Saying their clans had been snubbed, five ministers quit Hussein’s cabinet in December, forcing him to return to the drawing board. The government official said a new cabinet was expected to be named at the weekend.

 

“I understand Yusuf approved the prime minister’s government and Hussein is expected to announce the nomination of his government on Saturday.”

 

Besides the political infighting, Yusuf’s administration faces a persistent insurgency in Mogadishu, where government soldiers and their Ethiopian military allies are battling Islamist insurgents.

 

In Goma, Congo, intense fighting between government and militia forces in eastern region has led to a surge in rape by fighters from all sides, women and doctors say.

 

Renewed hostilities between the army and troops loyal to renegade Tutsi General Laurent Nkunda have stoked a volatile crucible of violence in Congo’s North Kivu province, where traditional Mai Mai fighters and Rwandan Hutu militia also roam. “I was leaving the market and I ran into FDLR on the road.

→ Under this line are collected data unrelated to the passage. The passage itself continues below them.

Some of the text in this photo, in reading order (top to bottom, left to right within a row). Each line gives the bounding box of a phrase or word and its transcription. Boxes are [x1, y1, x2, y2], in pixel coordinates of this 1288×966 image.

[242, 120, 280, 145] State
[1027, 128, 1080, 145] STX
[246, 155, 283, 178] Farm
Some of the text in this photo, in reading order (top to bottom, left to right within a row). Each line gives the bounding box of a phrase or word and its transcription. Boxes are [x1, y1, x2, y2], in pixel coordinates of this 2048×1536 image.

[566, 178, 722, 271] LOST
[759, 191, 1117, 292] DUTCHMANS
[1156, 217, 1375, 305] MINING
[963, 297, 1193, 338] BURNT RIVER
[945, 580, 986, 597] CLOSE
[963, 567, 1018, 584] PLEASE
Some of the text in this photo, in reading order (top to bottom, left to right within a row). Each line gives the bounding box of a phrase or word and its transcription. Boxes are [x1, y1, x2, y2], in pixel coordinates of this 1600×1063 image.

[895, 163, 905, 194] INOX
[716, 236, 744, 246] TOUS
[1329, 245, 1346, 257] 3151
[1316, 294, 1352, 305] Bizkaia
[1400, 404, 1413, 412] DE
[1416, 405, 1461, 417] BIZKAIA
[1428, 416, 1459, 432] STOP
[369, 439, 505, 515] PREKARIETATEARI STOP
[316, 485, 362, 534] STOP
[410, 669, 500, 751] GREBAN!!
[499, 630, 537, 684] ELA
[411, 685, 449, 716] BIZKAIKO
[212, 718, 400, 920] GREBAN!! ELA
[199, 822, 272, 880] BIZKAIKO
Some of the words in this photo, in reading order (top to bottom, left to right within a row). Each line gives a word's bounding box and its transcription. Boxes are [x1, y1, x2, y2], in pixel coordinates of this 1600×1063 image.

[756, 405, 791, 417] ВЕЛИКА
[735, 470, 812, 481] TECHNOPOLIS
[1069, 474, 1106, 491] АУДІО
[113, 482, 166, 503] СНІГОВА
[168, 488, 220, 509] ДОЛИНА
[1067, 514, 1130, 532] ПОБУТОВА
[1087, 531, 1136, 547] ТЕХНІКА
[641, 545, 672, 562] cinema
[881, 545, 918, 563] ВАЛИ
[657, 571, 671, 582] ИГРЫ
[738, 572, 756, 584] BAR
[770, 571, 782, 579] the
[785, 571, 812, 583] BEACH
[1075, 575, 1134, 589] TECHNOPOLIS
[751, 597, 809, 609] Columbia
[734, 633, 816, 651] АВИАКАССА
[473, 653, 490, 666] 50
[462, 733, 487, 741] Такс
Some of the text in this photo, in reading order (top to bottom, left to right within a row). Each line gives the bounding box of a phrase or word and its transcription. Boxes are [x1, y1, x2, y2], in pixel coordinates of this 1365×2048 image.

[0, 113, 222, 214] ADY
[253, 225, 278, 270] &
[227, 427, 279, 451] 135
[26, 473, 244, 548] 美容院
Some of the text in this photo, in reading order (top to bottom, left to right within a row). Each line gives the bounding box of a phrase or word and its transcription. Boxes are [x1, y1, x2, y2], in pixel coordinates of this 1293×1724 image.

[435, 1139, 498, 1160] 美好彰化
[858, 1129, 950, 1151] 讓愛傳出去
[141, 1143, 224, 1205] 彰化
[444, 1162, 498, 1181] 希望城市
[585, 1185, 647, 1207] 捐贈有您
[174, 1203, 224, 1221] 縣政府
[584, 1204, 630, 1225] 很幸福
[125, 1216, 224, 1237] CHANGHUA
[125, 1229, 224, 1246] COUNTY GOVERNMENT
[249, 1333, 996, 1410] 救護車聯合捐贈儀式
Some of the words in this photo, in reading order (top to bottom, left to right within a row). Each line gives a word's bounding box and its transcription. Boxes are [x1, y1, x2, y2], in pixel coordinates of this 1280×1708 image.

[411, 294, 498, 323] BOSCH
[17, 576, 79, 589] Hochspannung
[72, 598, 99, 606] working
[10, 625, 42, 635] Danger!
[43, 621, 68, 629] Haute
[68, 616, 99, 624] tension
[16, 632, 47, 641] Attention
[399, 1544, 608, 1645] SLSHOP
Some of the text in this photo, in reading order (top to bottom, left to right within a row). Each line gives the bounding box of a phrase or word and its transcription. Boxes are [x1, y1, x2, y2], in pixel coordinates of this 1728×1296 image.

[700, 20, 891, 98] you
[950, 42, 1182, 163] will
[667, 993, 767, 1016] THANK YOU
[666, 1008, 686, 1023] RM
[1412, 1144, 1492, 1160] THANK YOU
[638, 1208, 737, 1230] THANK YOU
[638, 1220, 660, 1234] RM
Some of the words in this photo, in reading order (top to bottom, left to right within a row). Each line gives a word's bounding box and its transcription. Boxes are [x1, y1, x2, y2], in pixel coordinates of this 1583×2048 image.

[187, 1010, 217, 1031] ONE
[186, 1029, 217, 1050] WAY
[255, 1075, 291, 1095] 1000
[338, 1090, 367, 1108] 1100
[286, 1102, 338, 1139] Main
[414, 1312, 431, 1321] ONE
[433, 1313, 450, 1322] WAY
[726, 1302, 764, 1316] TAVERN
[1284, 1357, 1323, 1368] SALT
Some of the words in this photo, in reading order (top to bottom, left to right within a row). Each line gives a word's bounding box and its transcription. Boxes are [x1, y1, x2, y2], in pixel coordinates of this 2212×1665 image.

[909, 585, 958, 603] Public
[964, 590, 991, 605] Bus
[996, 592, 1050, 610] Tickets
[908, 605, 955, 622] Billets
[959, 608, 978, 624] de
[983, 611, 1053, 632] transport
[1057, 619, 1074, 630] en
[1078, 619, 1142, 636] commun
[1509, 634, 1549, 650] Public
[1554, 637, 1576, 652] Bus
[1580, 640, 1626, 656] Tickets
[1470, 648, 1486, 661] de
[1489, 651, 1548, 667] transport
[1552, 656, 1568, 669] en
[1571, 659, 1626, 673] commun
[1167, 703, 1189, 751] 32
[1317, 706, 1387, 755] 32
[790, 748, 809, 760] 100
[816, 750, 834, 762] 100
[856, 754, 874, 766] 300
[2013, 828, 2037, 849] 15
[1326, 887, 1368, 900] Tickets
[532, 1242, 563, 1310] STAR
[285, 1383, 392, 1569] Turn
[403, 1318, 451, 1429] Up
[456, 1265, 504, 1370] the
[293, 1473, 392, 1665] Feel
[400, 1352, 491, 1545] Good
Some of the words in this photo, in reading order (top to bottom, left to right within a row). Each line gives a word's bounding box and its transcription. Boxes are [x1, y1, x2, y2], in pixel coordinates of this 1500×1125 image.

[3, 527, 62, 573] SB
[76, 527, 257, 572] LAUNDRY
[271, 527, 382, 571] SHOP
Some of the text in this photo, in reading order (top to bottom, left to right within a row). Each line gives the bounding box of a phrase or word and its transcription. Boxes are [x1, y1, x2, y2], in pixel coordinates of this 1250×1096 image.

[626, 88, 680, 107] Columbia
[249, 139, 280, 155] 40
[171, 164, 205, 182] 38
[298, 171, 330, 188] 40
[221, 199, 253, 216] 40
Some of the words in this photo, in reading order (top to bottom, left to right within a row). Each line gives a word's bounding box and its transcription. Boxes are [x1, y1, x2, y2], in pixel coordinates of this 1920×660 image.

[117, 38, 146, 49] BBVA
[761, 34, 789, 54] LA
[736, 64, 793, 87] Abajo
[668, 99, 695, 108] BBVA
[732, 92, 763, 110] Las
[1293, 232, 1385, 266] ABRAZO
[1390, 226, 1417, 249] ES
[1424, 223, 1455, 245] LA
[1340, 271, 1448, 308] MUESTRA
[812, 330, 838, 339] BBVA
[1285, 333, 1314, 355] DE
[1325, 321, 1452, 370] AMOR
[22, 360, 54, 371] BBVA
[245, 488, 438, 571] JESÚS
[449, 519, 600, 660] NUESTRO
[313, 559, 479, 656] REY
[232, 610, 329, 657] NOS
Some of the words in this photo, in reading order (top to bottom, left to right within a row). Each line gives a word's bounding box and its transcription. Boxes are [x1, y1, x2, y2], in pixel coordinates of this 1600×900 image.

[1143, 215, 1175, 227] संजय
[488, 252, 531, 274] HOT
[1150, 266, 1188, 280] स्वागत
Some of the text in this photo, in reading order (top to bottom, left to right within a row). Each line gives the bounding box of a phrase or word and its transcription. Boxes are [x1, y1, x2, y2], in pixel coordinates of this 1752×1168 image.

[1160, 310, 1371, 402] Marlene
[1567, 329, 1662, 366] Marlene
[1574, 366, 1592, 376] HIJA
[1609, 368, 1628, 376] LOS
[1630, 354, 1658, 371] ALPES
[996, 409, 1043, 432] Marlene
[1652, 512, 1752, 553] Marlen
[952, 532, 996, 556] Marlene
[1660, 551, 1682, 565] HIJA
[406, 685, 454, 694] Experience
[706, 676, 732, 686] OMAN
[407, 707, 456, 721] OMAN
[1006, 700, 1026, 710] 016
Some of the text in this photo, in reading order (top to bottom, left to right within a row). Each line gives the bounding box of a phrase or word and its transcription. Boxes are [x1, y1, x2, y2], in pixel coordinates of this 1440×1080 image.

They robbed me of everything and then four men raped me,” Francoise Mwamasirika, a 45-year-old mother said of Rwandan Hutu rebels who include leaders of Rwanda’s 1994 genocide against Tutsis.

 

Mwamasirika was stunned and barely able to speak when she arrived at a hospital in the South Kivu town of Minova.

 

“I won’t go back,” she said.

 

Sexual violence has escalated as hundreds of thousands of people have been forced to flee the safety of their homes — around 400,000 people since August, when Nkunda quit a peace deal, bringing North Kivu’s displaced population to 800,000.

 

Congo ’s government has called a peace summit for Sunday, but there is little optimism the chronic fighting will end soon.

 

Christophe Kimona, a surgeon at Goma’s Heal Africa hospital, repairs the torn and damaged genitals of rape victims

 

“The number of women we are seeing who have been raped is going up. We see an average of three or four rapes each day,” Kimona said.